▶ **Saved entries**
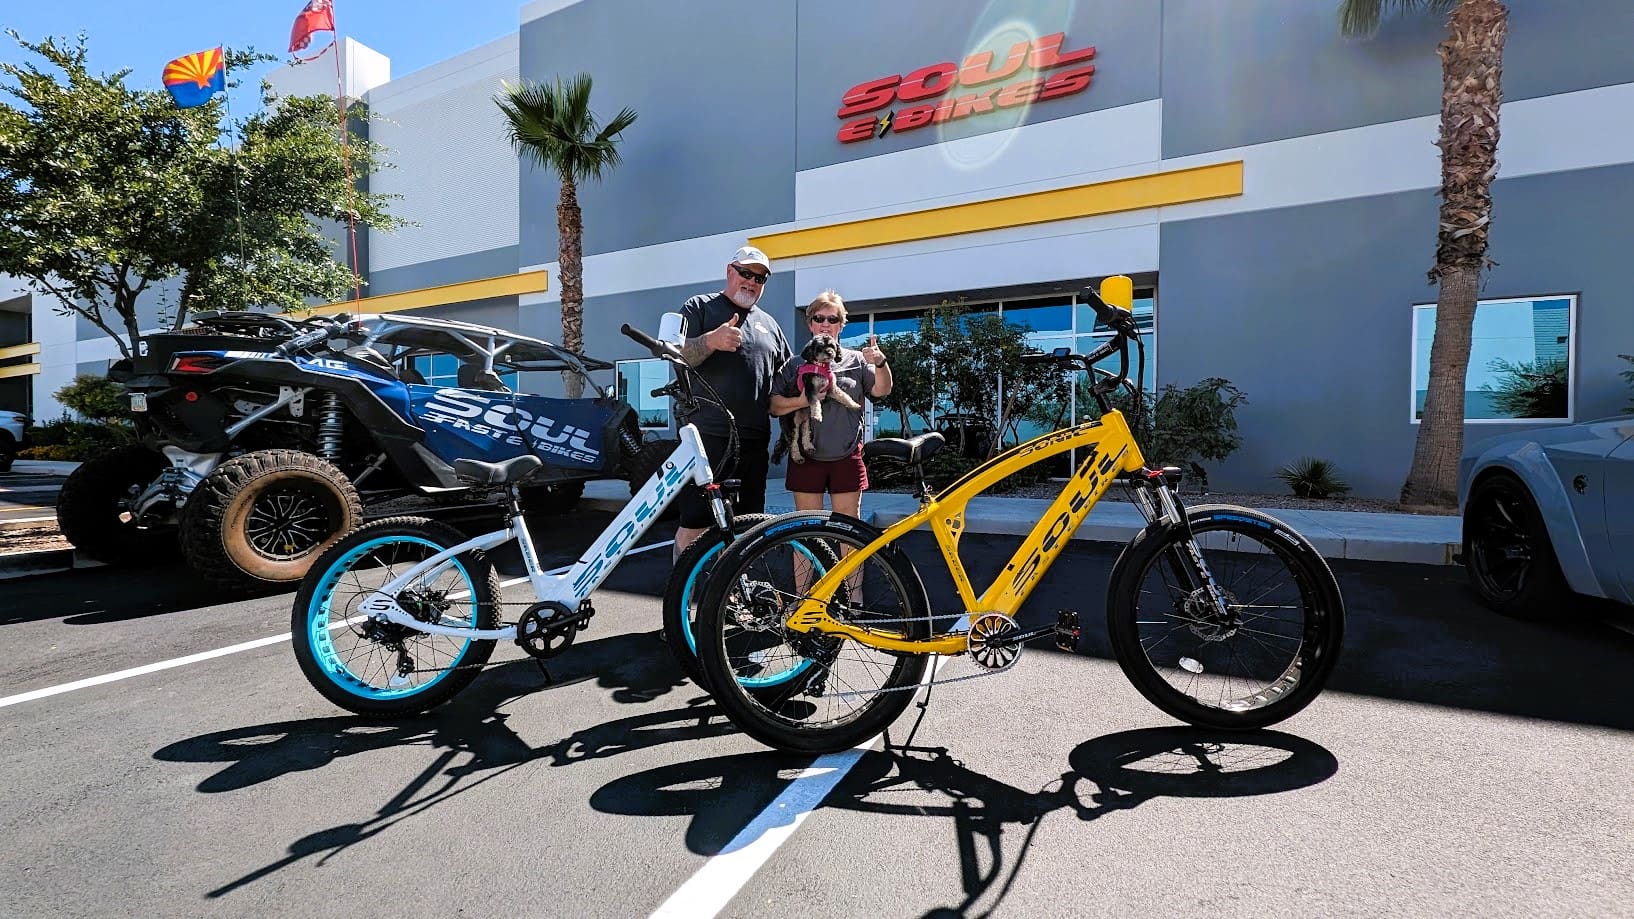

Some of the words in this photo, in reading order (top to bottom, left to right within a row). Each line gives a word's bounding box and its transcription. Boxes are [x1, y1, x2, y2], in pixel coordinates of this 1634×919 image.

[837, 32, 1096, 119] SOUL
[892, 65, 1095, 133] BIKES
[419, 410, 508, 439] FAST
[536, 441, 597, 464] BIKES
[424, 388, 599, 455] SOUL
[1018, 428, 1089, 457] SONIC
[573, 456, 695, 598] SOUL
[1012, 443, 1128, 596] SOUL
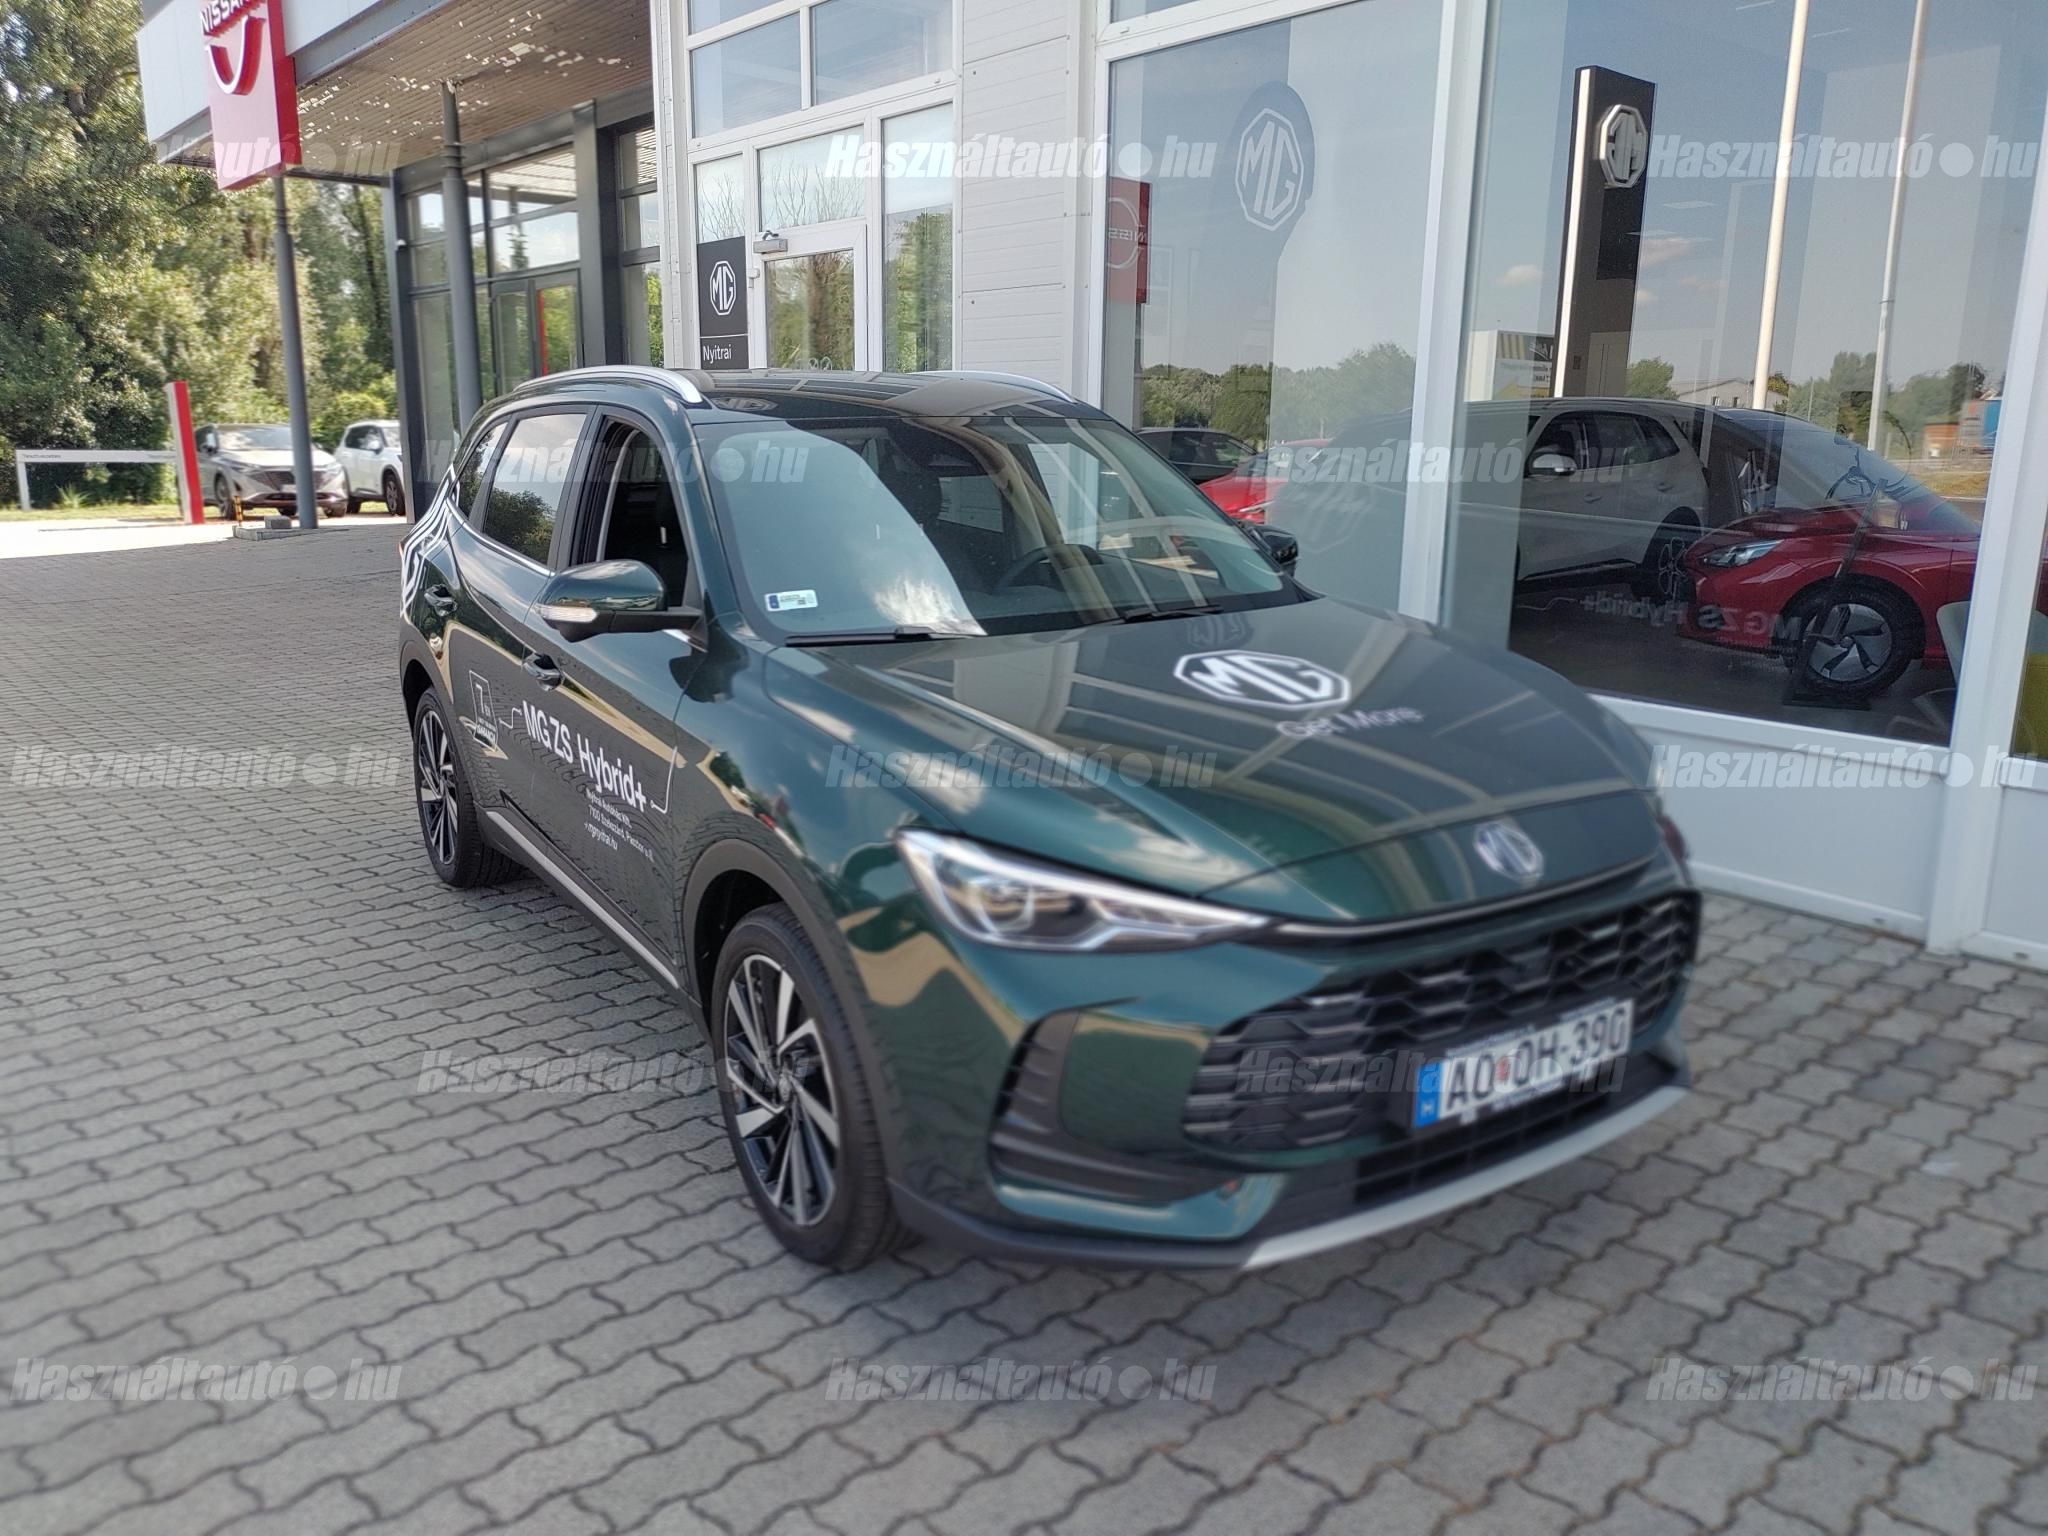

▶ **Task requirements**
Output every record verbatim, skipping images.

▶ **Result**
Some of the words in this photo, in reading order (top to bottom, left to right within a row). Each line gives a word's bounding box and its transcription. Boxes are [x1, y1, x2, y2], in pixel coordinates of this 1634×919 image.

[837, 32, 1096, 119] SOUL
[892, 65, 1095, 133] BIKES
[419, 410, 508, 439] FAST
[536, 441, 597, 464] BIKES
[424, 388, 599, 455] SOUL
[1018, 428, 1089, 457] SONIC
[573, 456, 695, 598] SOUL
[1012, 443, 1128, 596] SOUL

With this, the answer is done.